Theatre: Savoy Theatre
Reviewer: Alastair Macaulay
Organ: FT.com
Date: 7 July 2004
Archive assistant: Ian Shuttleworth

“Though she tells us, in her loud way, that an inner voice has told her to keep the flame of her mother’s legend alive, she knows perfectly well that Garland’s furnace-like flame scarcely needs any fanning. Obviously, Luft is trying to cash in on Mommie Dearest’s lustre – which would be fine if she herself were remotely interesting as either a singer or a narrator.” Full review here


13 Responses to “Zero Stars Hall of Fame”

  1. Nathan Silver Says:

    What’s so fascinating about Paradise Found (and we only managed the first half) is the array of fabulousness onstage. Memorably brilliant performers all– elsewhere– but in this, just up there on stage to die. Fleetingly, in their eyes, they showed that they knew it. The brilliiantly charismatic Mandy Patinkin! The slyly hilarious John McMartin! The ultimate gorgeous showgirl Kate Baldwin! (OK, her gorgeousness was impossible to louse up. Thanks for that.)

    A muslim in love in Vienna set to Johann Strauss is a musical that could work– think Mozart’s Abduction from the Seraglio, or Rossini’s A Turk in Italy– but for the theatre today, only with a cracklingly mad, explosively funny book by someone who knows first of all that an Ottoman ruler is a sultan, not a pointless shah, and perhaps also how to write a book for a musical (using as few spoken words as possible), having lyrics with some style and wit. I blame Hal Prince for not firing the book writer and lyricist on day three.

    In fact, maybe that has happened already and the present writer and lyricist are the replacements! I just noticed that the names of the creators appearing on my programme are printed on a sticky label, so I’m trying to soak it off to see what’s beneath.

    Ah, memories! I’m lucky enough to have the memory of having seen the disastrous Alec Guinness-Simone Signoret Macbeth in 1966, and 14 or so years later, the calamitous Peter O’Toole Macbeth. (The luck is the cherished memory, certainly not the experience.) So you could say I have form as a witness to theatrical shite with great people in it.

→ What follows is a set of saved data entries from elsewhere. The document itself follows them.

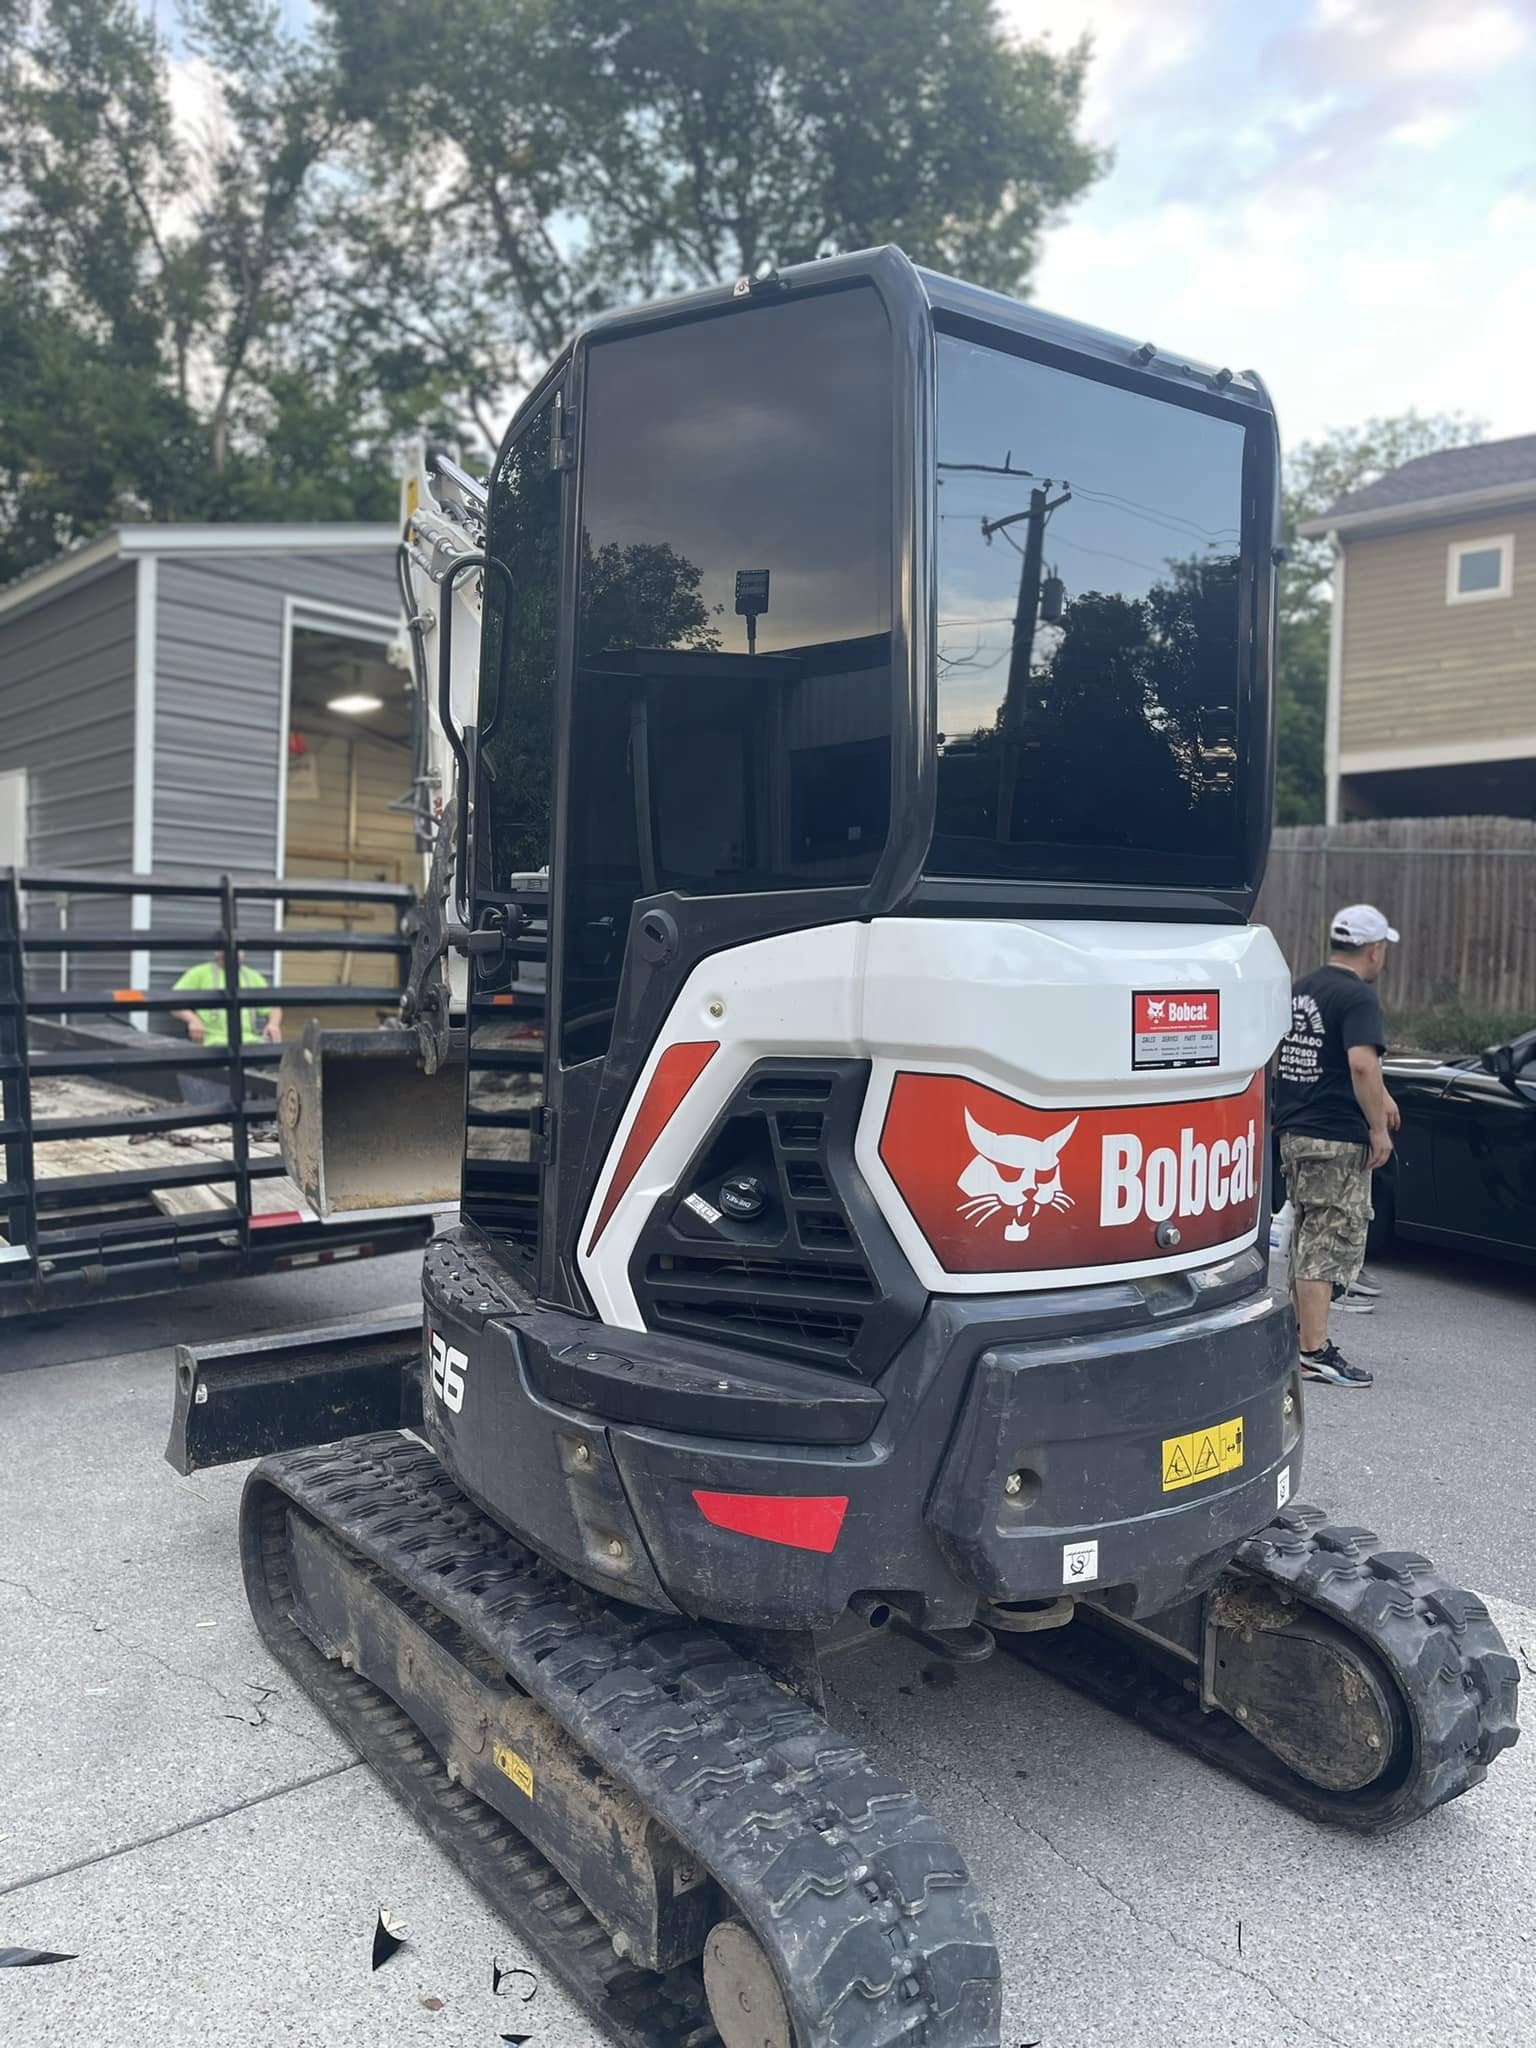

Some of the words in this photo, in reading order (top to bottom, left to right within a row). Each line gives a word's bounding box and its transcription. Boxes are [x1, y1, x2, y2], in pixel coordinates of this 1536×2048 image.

[1168, 1002, 1208, 1022] Bobcat
[1100, 1119, 1256, 1227] Bobcat
[725, 1192, 751, 1208] DIESEL
[429, 1331, 469, 1415] 26
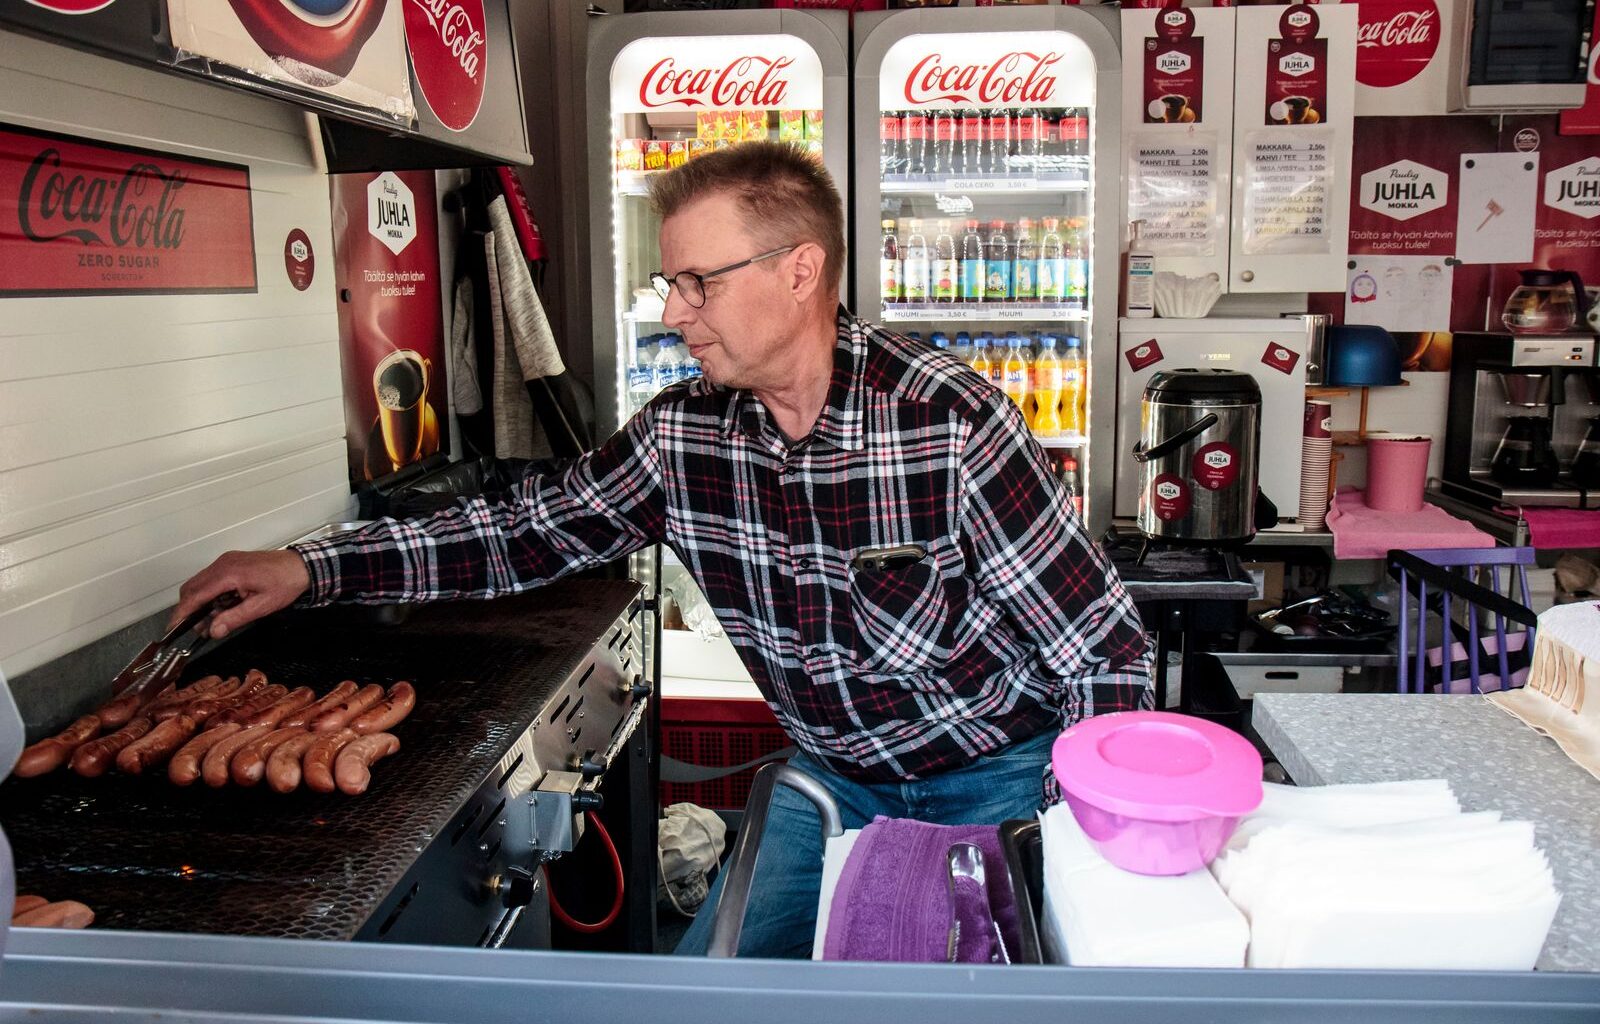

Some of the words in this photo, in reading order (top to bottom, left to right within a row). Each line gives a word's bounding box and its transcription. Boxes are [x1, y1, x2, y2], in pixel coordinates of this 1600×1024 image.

[1161, 59, 1187, 68] JUHLA
[1284, 60, 1310, 70] JUHLA
[639, 55, 797, 107] Coca-Cola
[904, 51, 1066, 104] Coca-Cola
[1167, 159, 1181, 167] TEE
[1389, 164, 1420, 180] Paulig
[954, 181, 974, 189] COLA
[1371, 182, 1436, 204] JUHLA
[1556, 180, 1600, 203] JUH
[18, 147, 191, 250] Coca-Cola
[376, 197, 411, 229] JUHLA
[1381, 231, 1392, 239] se
[1423, 230, 1454, 239] kahvin
[1565, 230, 1578, 238] se
[1372, 241, 1403, 250] tuoksu
[1404, 241, 1431, 249] tulee!
[77, 253, 114, 268] ZERO
[118, 255, 160, 270] SUGAR

    Wait– the label’s soaked off!

    And there’s nothing that was pasted over below it!!!

  2. Thom Says:

    I’m pretty sure the Fantasticks got a big zero in the Daily Mail which was pretty generous.

  3. Ian Shuttleworth Says:

    Gosh, I’d forgotten that I was in there.

  4. AC Says:

    Another one for you here if you haven’t already spotted it… http://www.guardian.co.uk/stage/2010/nov/26/it-had-to-be-you-review

  5. Martin Baker Says:

    Even 0 stars for the painful Wolfboy experience seems a little generous!


  6. […] also produce some interesting side effects. Not least is the dominant category of “zero stars.” West End Whingers have a website dedicated to the lowest rated London theatre productions. But there are also those […]

  7. Ian Shuttleworth Says:

    Oh, thank God, I’d been worrying that I might have been too crazy in giving My City four stars, but the zero from Tim Walker has reassured me.

  8. theycallmechristophe Says:

    Cool Hand Luke. I’m considering invoicing the Aldwych for my tube fare.